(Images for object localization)
-*-*-

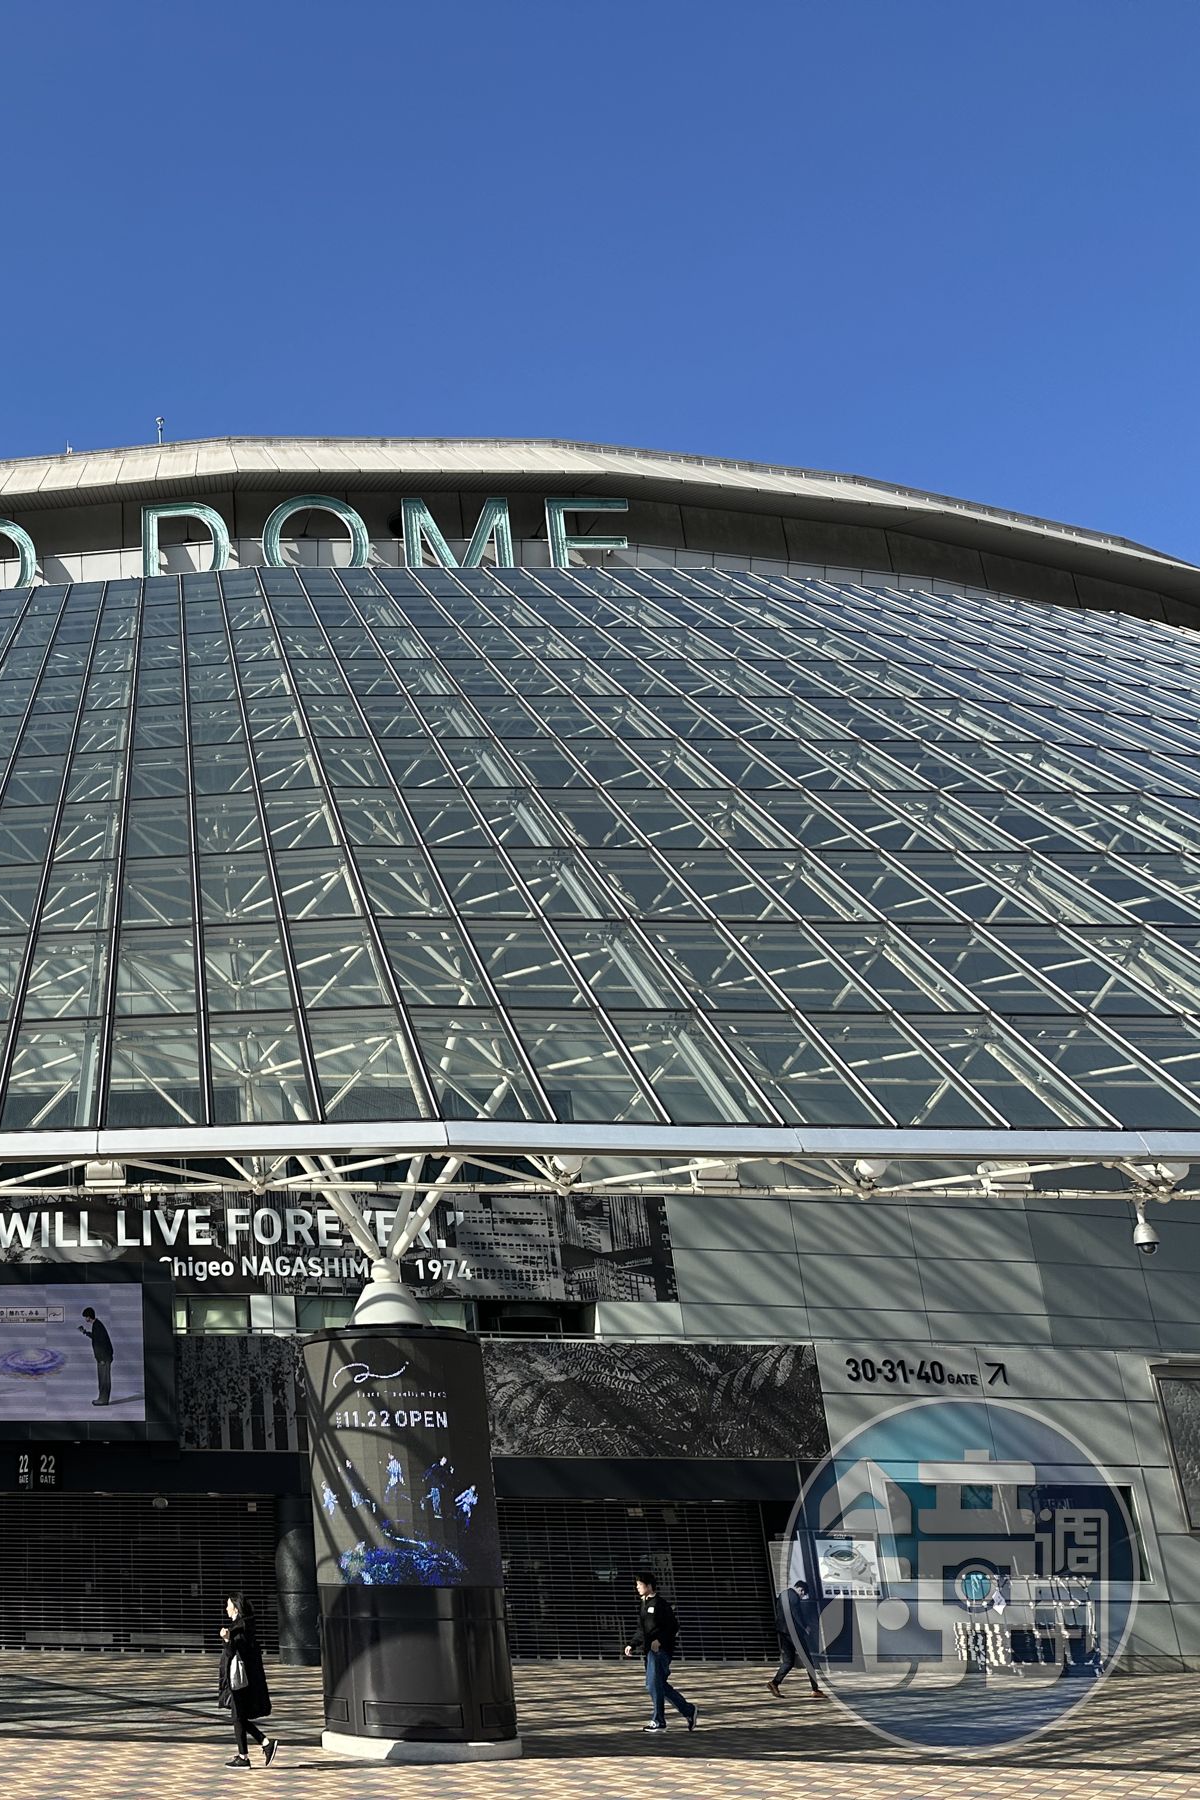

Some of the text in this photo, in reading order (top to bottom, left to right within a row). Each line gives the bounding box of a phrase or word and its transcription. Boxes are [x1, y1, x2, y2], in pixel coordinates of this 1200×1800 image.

[116, 1208, 212, 1247] LIVE
[415, 1258, 473, 1281] 1974
[947, 1373, 979, 1386] GATE
[343, 1410, 391, 1428] 11.22
[394, 1410, 449, 1429] OPEN
[19, 1454, 29, 1473] 22
[40, 1454, 56, 1473] 22
[40, 1474, 56, 1485] GATE

-*-*-

Activity — Return all of the entries word for word, but omit the pictures.

Response to this task —
Some of the text in this photo, in reading order (top to bottom, left to right within a row). Each line gives the bounding box of a phrase or word and its transcription. Boxes are [x1, y1, x2, y2], in pixel coordinates of this 1200×1800 image.

[116, 1208, 212, 1247] LIVE
[415, 1258, 473, 1281] 1974
[947, 1373, 979, 1386] GATE
[343, 1410, 391, 1428] 11.22
[394, 1410, 449, 1429] OPEN
[19, 1454, 29, 1473] 22
[40, 1454, 56, 1473] 22
[40, 1474, 56, 1485] GATE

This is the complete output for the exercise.